"I know but one thing... and that is that I know nothing." Socrates
version of an ancient parable tells of an American who travels to Southern
China in search of a renowned wise old hermit. When he arrives in the mountainous
region as directed, he finds the guru's current abode is not precisely
known. Following general directions into the mountains, he climbs for days
following several leads only to find the master has left for a new location
or earlier directions had been faulty. Finally, on the point of exhaustion,
hungry, feet numb with cold, discouraged and bewildered, he is about to
abandon his quest. At that very moment he sees not far in the distance
an old man, clad in a white robe, brilliantly white beard and long hair moving with the wind. As he approaches, the old man is gazing blissfully
at the horizon. Our supplicant stops before the revered teacher waiting
to be recognized.
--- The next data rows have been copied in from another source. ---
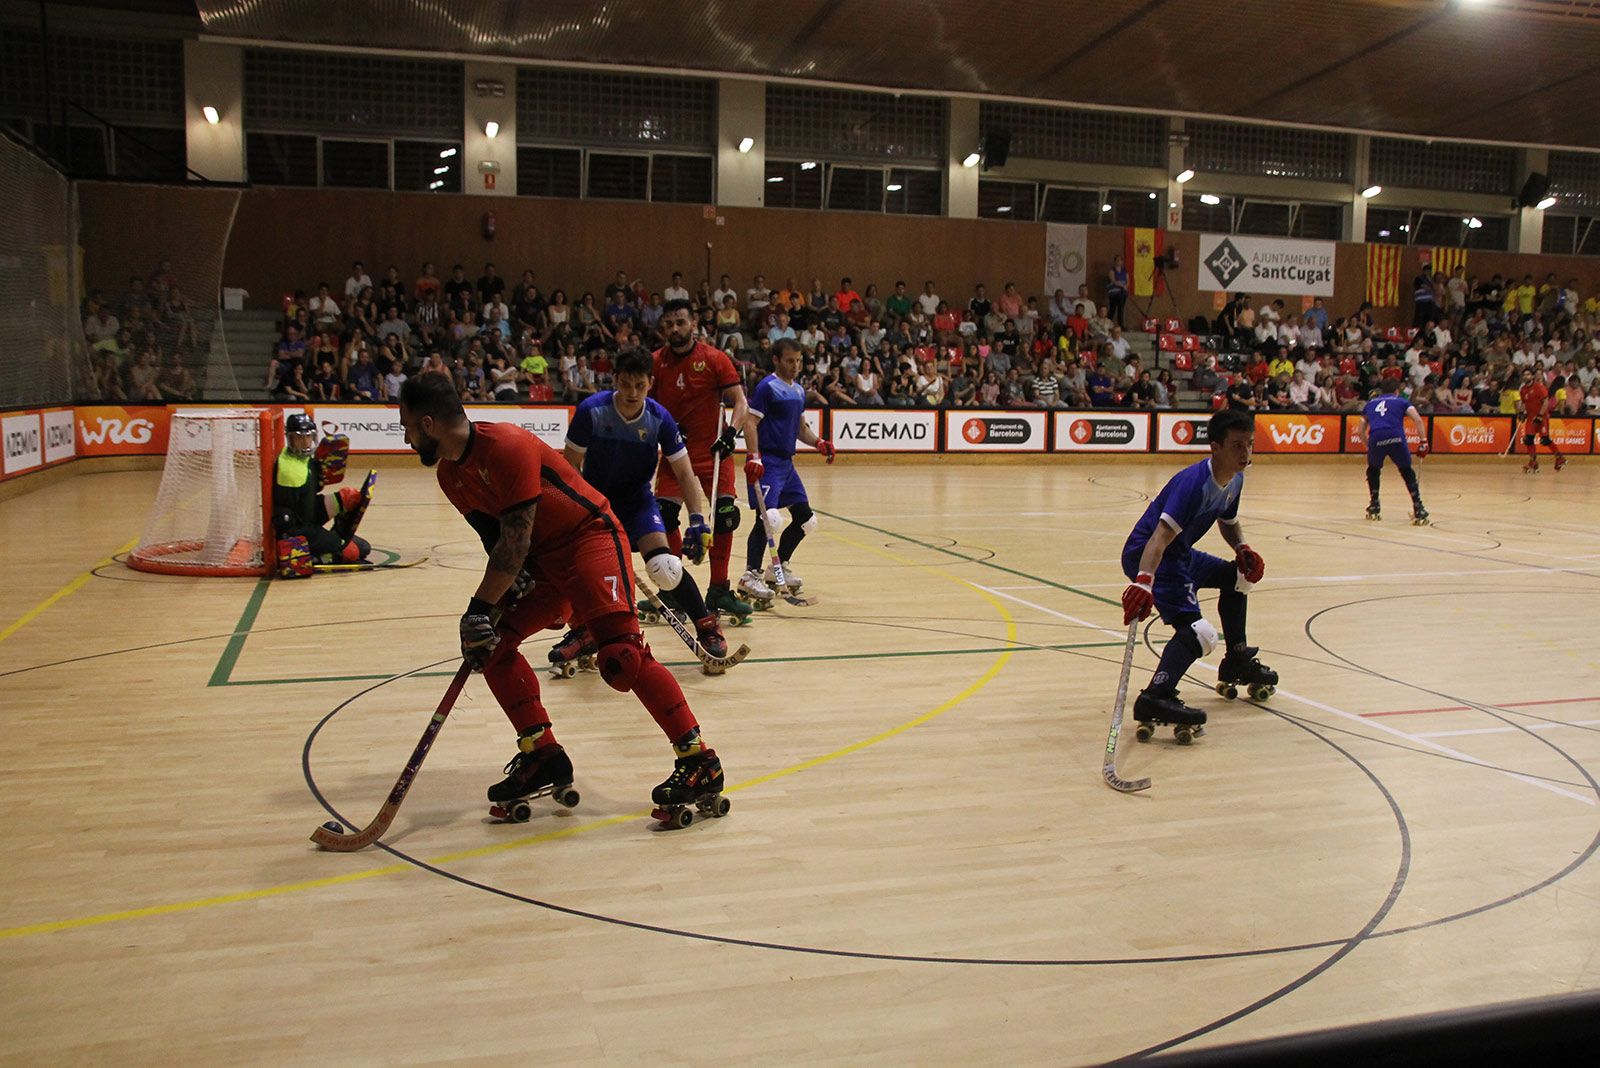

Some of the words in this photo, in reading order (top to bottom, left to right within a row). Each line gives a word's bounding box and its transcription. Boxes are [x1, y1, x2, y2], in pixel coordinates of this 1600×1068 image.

[1253, 252, 1317, 266] AJUNTAMENT
[1319, 256, 1331, 267] DE
[1252, 264, 1331, 284] SantCugat
[676, 372, 686, 390] 4
[1374, 400, 1388, 417] 4
[79, 416, 155, 446] WRG
[839, 422, 926, 440] AZEMAD
[989, 430, 1024, 438] Barcelona
[1095, 431, 1128, 439] Barcelona
[1269, 422, 1325, 445] WRG
[1466, 434, 1495, 444] SKATE
[1467, 426, 1495, 435] WORLD
[761, 485, 771, 501] 7
[603, 575, 619, 602] 7
[1183, 582, 1197, 606] 3
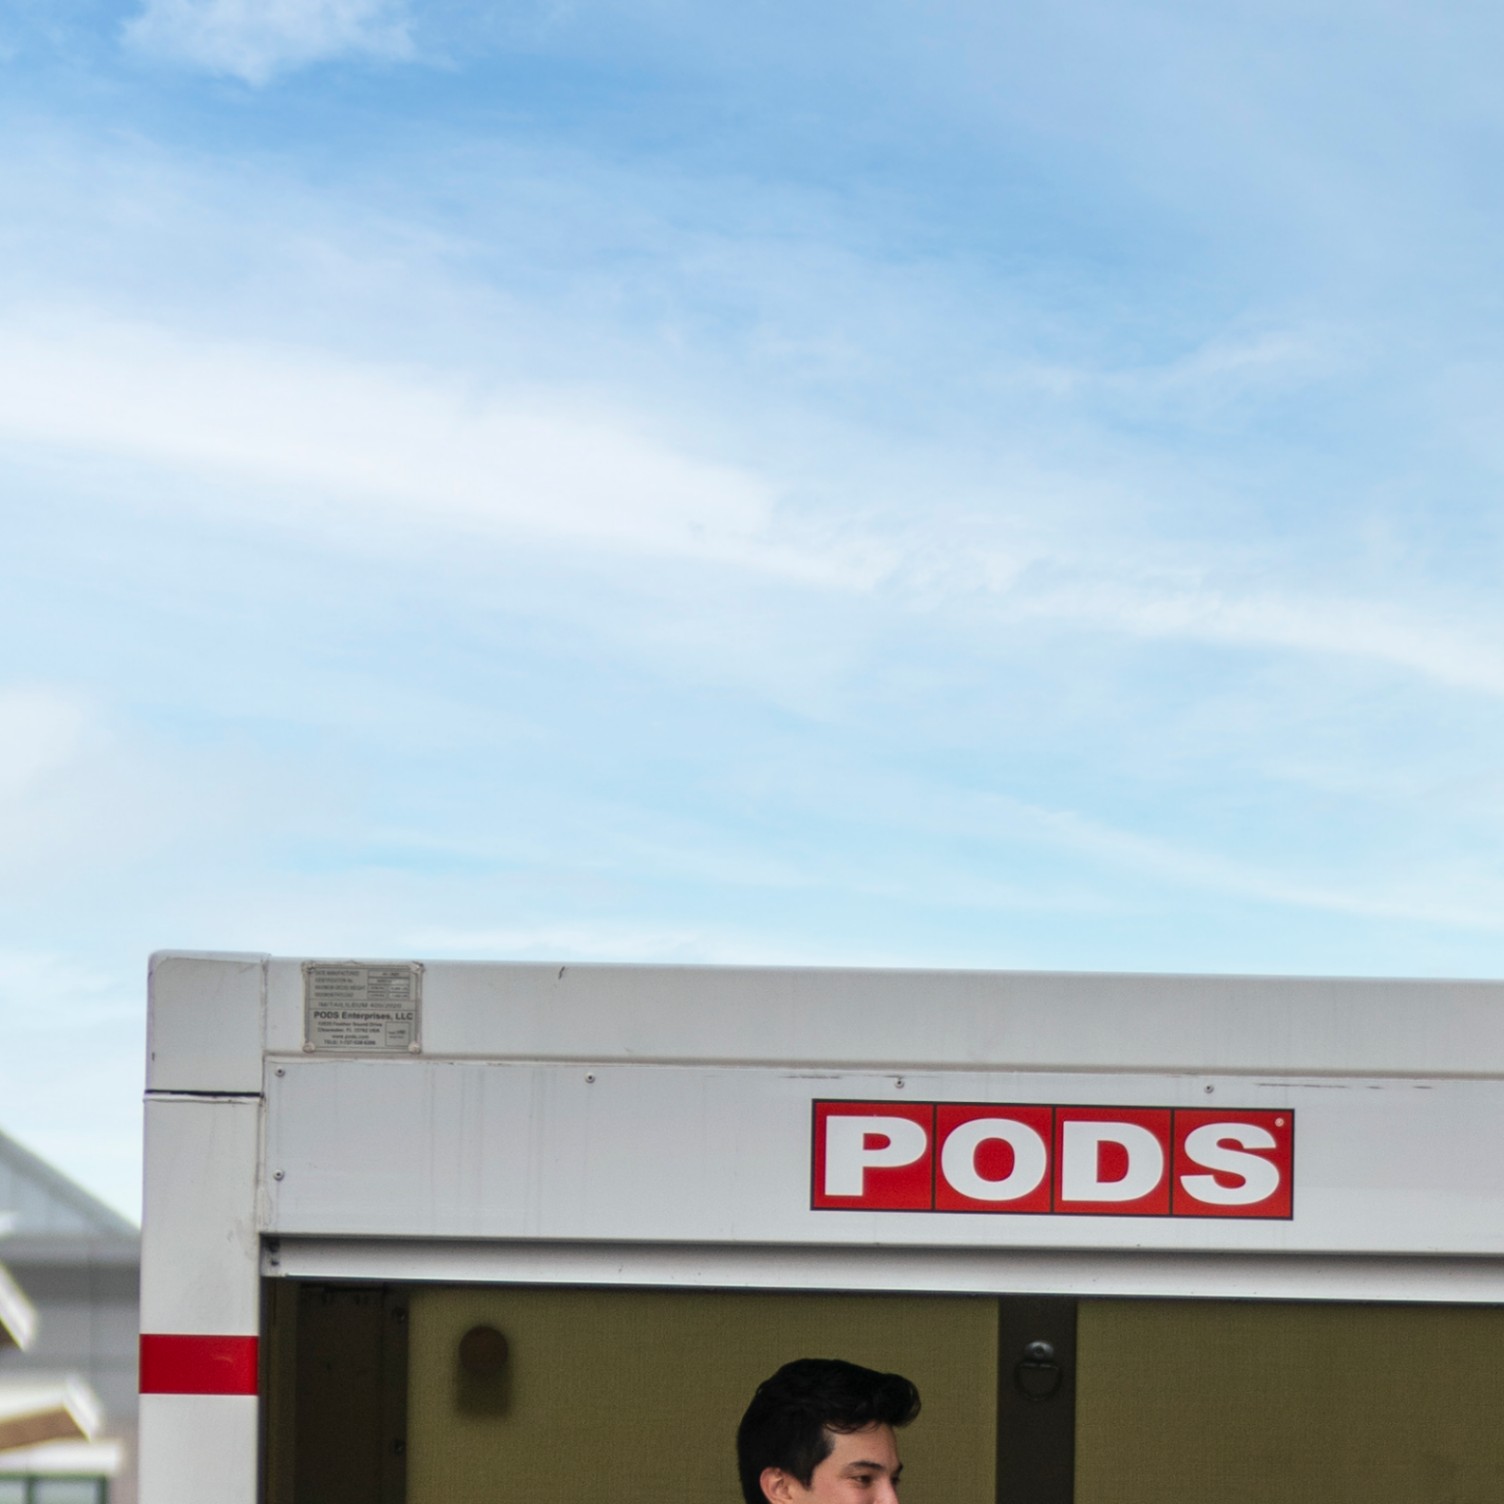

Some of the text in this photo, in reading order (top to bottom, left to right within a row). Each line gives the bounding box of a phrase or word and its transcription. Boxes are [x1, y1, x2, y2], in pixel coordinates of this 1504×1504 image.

At last, the ancient one turns his head towards our seeker
and croaks: "You have been looking for me."
"Yes." he replies breathlessly. "I want to ask you about the meaning of life."
After a long silence during which the two look deeply into one another's eyes, the old man raises his hand to the sky and with a sweeping gesture intones: "Life is a river..."
Our intrepid petitioner reacting with astonishment blurts out: "Life is a river? That's it?"
Stopping in mid gesture, the ancient one studies his questioner and now with clear puzzlement in his own voice asks: "Life is not a river?"
Is it possible that even the wisest among us really don't know the answers to life's most fundamental mysteries? How does faith alter our personal perceptions of the mysteries, and what does it mean to be wise in the face of all this uncertainty?